Answered for the defender: By the law and custom of this kingdom, nothing was conquest but what remained free at the dissolution of the marriage, and the husband being fiar of the conquest, he might spend and debauch the same, and much more might he pay his debts contracted before the marriage, which is a rational and prudent deed; nor is conquest (which is but fortuitous and often adjected as a compliment) to be considered so strictly as positive obligements.
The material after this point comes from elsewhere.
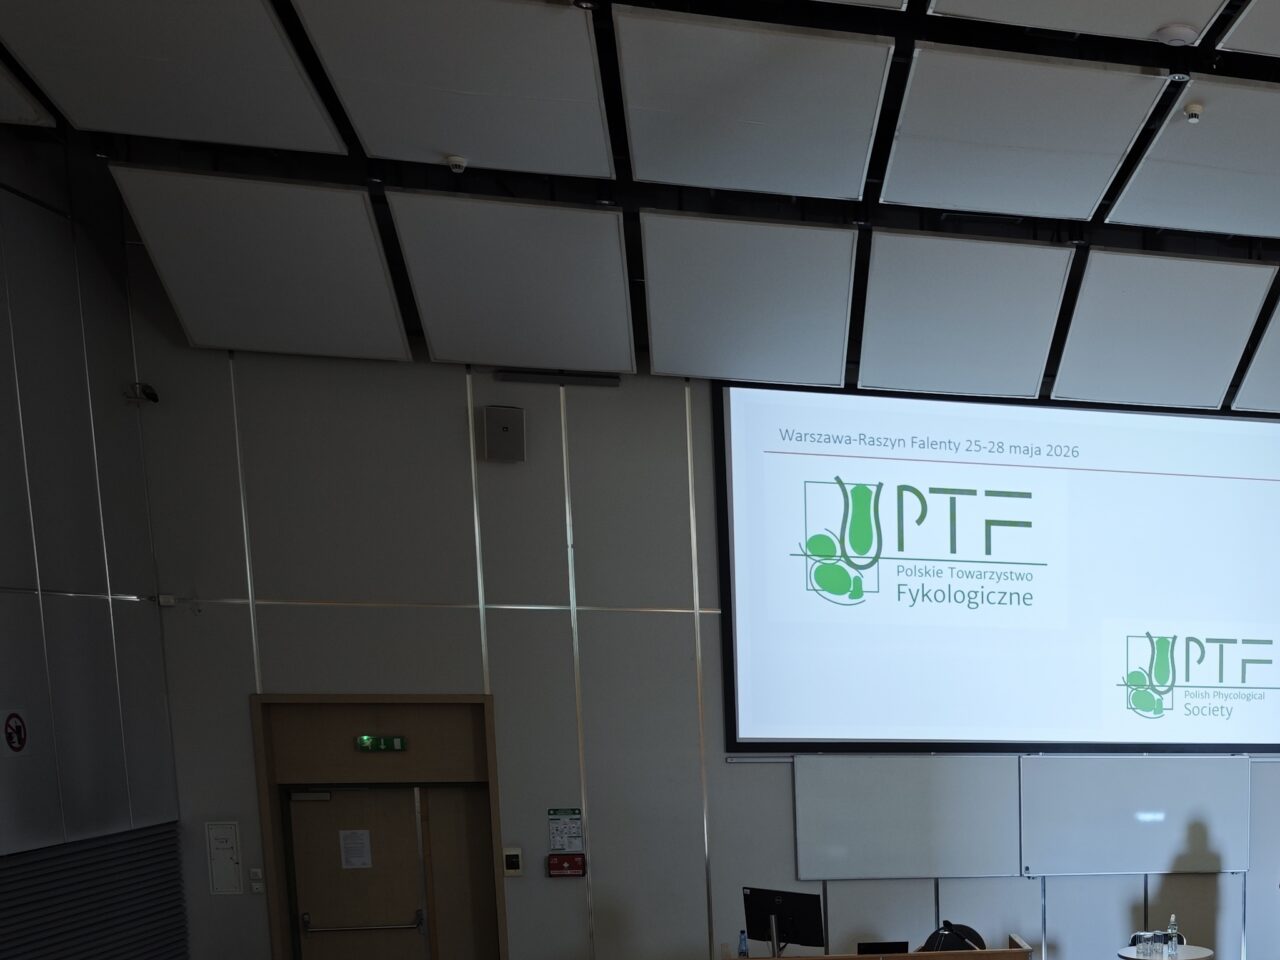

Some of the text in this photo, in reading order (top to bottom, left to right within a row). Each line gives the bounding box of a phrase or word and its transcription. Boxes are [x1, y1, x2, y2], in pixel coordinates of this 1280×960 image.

Again, nothing of the conquest was remaining; and esto the Lord Collington had cleared his old estate of debt, that was rational, and was not repute conquest in Niddery's case, nor yet liable as surrogatum. 2. The Lady having the house and yards, and the liferent of the sums due the time of the contract, (which is considerable) and thirty-six chalders of victual by the first marriage, she is plentifully provided; whereas the defender hath a great family of children, and but a small fortune. 3. If the other clause,. “or to receive payment,” &c. had been exegetic, it had been a tautology; but it is a distinct positive obligement as to a conjunct fee of all sums then due to my Lord that he should receive, which are still in my Lord Huntly's hands never received. 4. My Lord Collington, the pursuer's husband, sold lands to the value of 10,000 merks, for the payments, and her portion was likewise employed for that end, though renunciations were always taken, and not, assignations, the hazard of conquest not being apprehended: so that it cannot be presumed that the debt was purged with conquest-money; and to confirm what is advanced, decisions were also adduced; February 9. 1669, Cowan contra Young and Reid†, 1676, Littlejohn's case†; July 19.1679, Morice contra Morice† ; February 10. 1629, Oliphant contra Finnie, No 19. p. 3066.; July 15. 1673, Robson contra Robson†, No 4. p. 3050.; December 8. 1687, Frazer contra Frazer†; where the conquest of a second marriage employed for paying the debt of the first was sustained, though a considerable estate fell to the first marriage, which the husband had before the second marriage.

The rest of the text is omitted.